::: DATA SHOWN :::

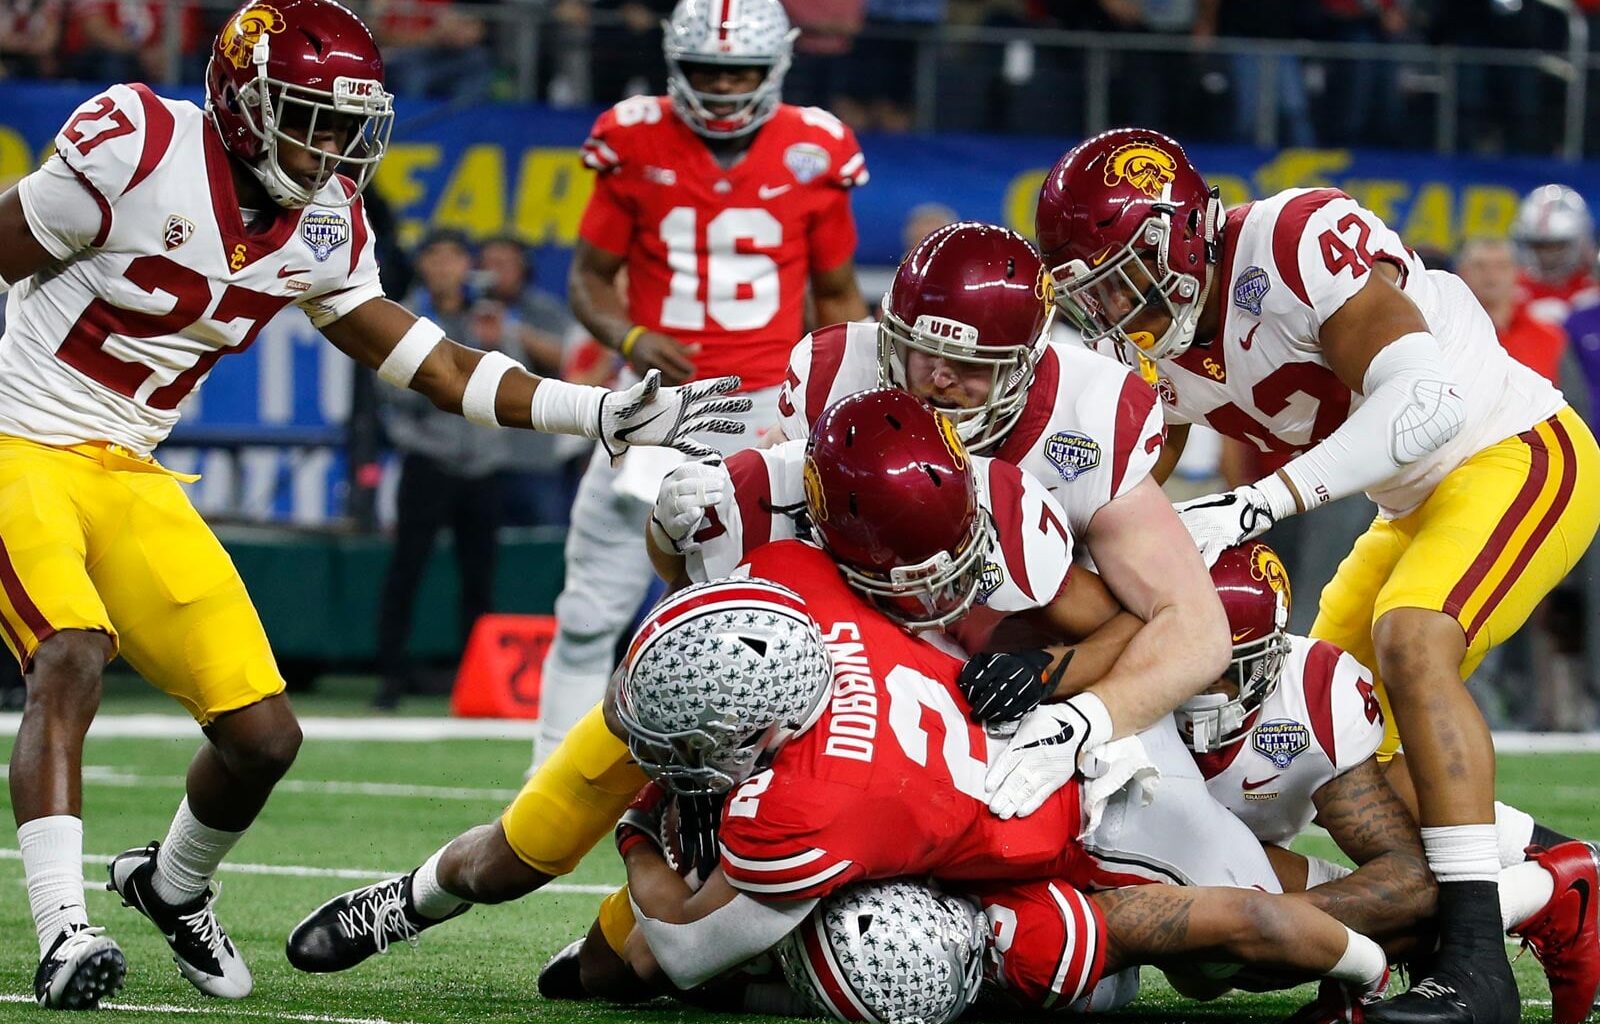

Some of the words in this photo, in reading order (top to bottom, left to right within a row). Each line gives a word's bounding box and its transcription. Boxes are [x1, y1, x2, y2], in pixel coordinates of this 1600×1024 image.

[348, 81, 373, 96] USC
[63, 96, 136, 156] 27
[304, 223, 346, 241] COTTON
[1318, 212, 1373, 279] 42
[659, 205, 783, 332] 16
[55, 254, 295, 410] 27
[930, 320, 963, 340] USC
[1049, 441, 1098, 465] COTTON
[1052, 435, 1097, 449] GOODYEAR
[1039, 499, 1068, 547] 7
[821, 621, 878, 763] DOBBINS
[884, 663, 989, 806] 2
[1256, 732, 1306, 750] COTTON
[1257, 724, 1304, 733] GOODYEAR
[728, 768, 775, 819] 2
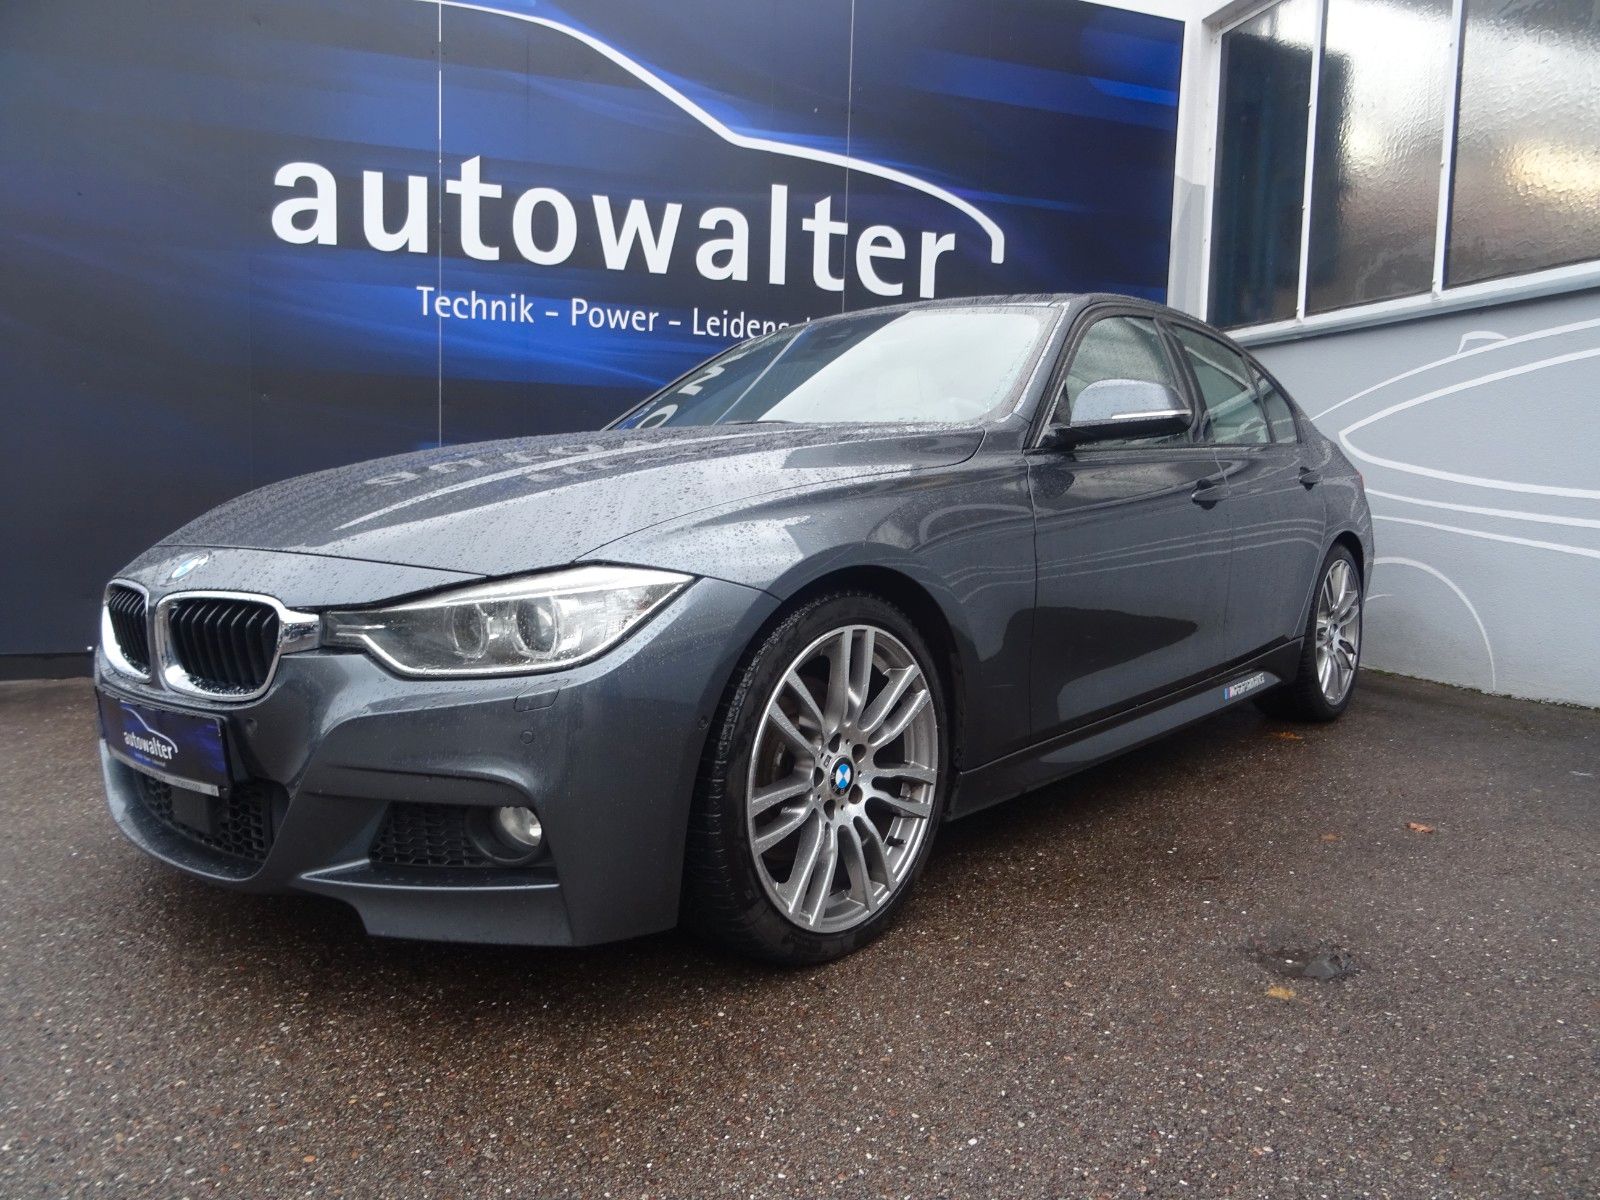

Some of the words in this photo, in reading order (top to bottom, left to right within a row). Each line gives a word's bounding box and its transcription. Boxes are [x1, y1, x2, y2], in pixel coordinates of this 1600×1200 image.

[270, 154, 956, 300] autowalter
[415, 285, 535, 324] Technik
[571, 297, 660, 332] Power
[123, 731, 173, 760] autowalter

:::

▶ **TASK PROMPT**
In this exercise, set down all of the data exactly, without the pictures.

▶ **EXERCISE SOLUTION**
Some of the words in this photo, in reading order (top to bottom, left to right within a row). Each line gives a word's bounding box and its transcription. Boxes are [x1, y1, x2, y2], in pixel coordinates of this 1600×1024 image.

[348, 81, 373, 96] USC
[63, 96, 136, 156] 27
[304, 223, 346, 241] COTTON
[1318, 212, 1373, 279] 42
[659, 205, 783, 332] 16
[55, 254, 295, 410] 27
[930, 320, 963, 340] USC
[1049, 441, 1098, 465] COTTON
[1052, 435, 1097, 449] GOODYEAR
[1039, 499, 1068, 547] 7
[821, 621, 878, 763] DOBBINS
[884, 663, 989, 806] 2
[1256, 732, 1306, 750] COTTON
[1257, 724, 1304, 733] GOODYEAR
[728, 768, 775, 819] 2

Some of the words in this photo, in reading order (top to bottom, left to right within a row). Each line gives a word's bounding box and its transcription. Boxes are [x1, y1, x2, y2], in pixel coordinates of this 1600×1200 image.

[270, 154, 956, 300] autowalter
[415, 285, 535, 324] Technik
[571, 297, 660, 332] Power
[123, 731, 173, 760] autowalter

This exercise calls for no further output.